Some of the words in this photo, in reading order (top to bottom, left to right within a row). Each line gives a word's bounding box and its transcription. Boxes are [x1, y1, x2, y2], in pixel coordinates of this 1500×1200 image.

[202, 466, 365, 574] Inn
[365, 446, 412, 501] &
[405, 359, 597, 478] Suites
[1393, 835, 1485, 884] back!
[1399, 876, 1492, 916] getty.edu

········

▶ _Directions for this task_
Nothing but an exact copy of the records belongs in the answer.

▶ _Output below_
Some of the words in this photo, in reading order (top to bottom, left to right within a row). Each line gives a word's bounding box and its transcription. Boxes are [x1, y1, x2, y2], in pixel coordinates of this 1500×1200 image.

[202, 466, 365, 574] Inn
[365, 446, 412, 501] &
[405, 359, 597, 478] Suites
[1393, 835, 1485, 884] back!
[1399, 876, 1492, 916] getty.edu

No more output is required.